* Exercise
From the first line to the last, retype the records exactly and skip the pictures.

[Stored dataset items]
....
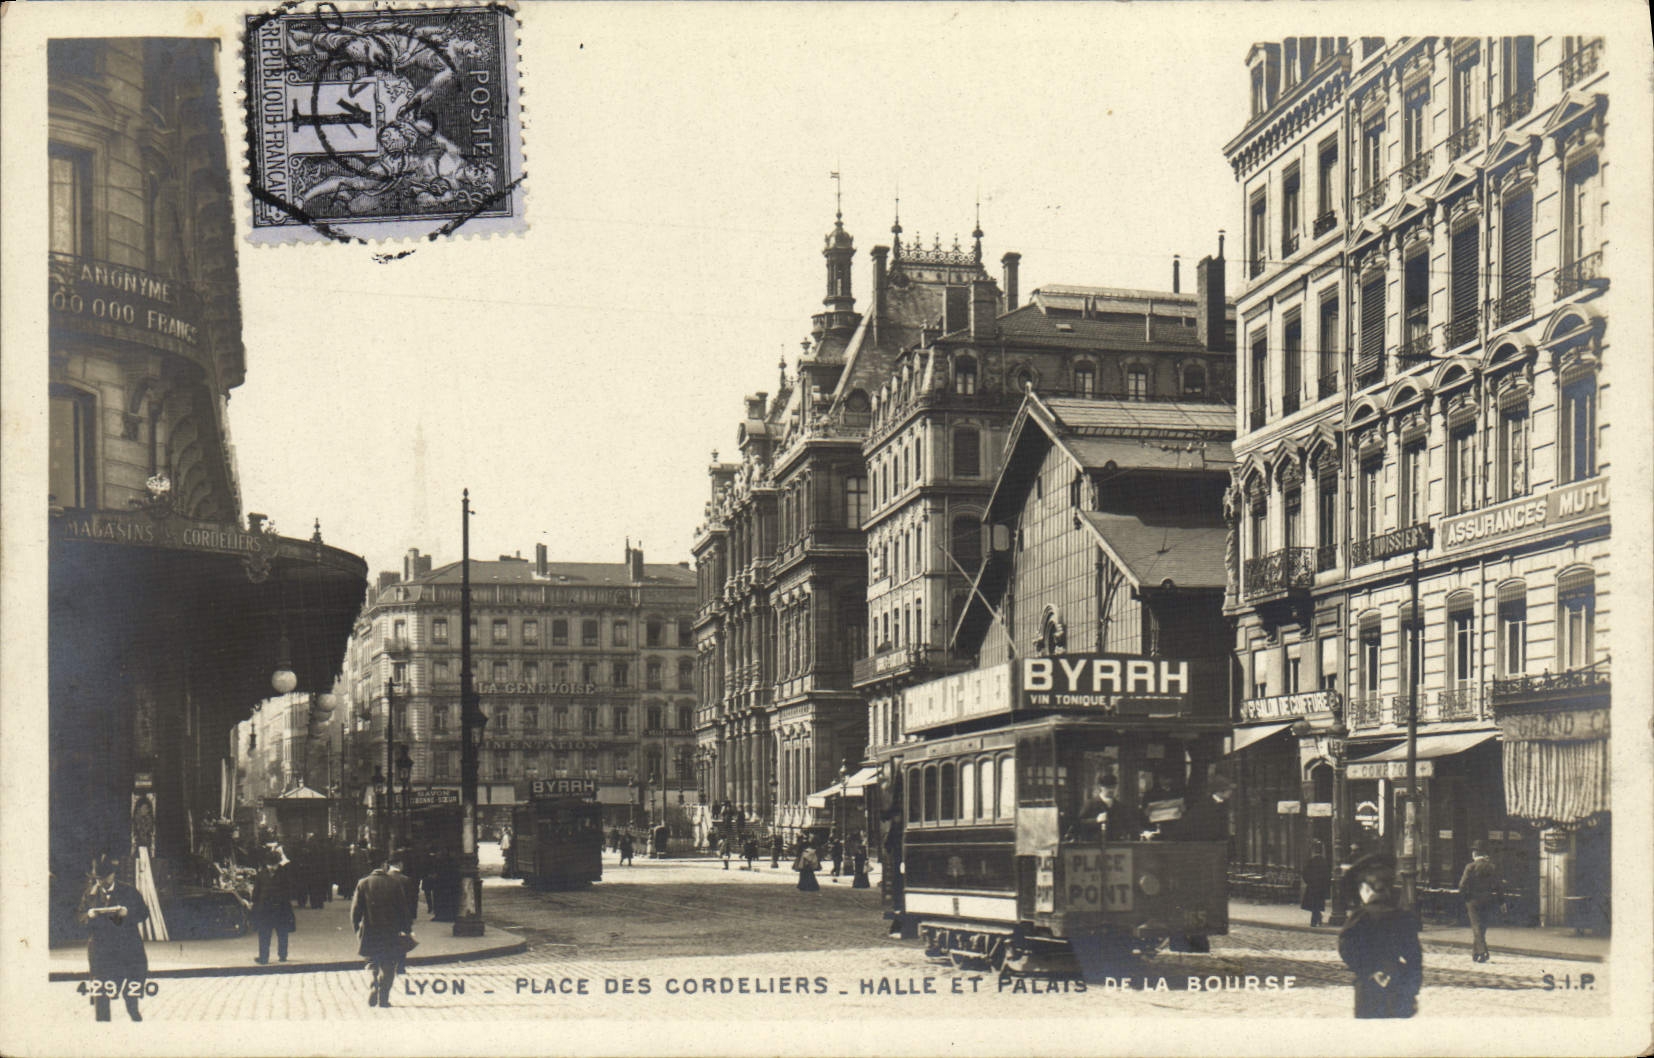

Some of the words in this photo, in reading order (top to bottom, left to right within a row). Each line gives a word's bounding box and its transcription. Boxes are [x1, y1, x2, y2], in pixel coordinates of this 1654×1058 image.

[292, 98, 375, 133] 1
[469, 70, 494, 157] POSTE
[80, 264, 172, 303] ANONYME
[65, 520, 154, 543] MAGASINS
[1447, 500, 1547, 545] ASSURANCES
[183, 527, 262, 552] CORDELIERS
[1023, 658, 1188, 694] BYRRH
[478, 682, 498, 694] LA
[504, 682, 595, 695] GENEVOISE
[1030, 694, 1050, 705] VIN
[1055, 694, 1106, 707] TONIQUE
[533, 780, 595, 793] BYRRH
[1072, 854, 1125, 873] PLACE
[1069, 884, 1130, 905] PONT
....
* Response
Some of the words in this photo, in reading order (top to bottom, left to right within a row). Each line gives a word's bounding box and its transcription. Boxes are [x1, y1, x2, y2], in pixel coordinates of this 1654×1058 image.

[292, 98, 375, 133] 1
[469, 70, 494, 157] POSTE
[80, 264, 172, 303] ANONYME
[65, 520, 154, 543] MAGASINS
[1447, 500, 1547, 545] ASSURANCES
[183, 527, 262, 552] CORDELIERS
[1023, 658, 1188, 694] BYRRH
[478, 682, 498, 694] LA
[504, 682, 595, 695] GENEVOISE
[1030, 694, 1050, 705] VIN
[1055, 694, 1106, 707] TONIQUE
[533, 780, 595, 793] BYRRH
[1072, 854, 1125, 873] PLACE
[1069, 884, 1130, 905] PONT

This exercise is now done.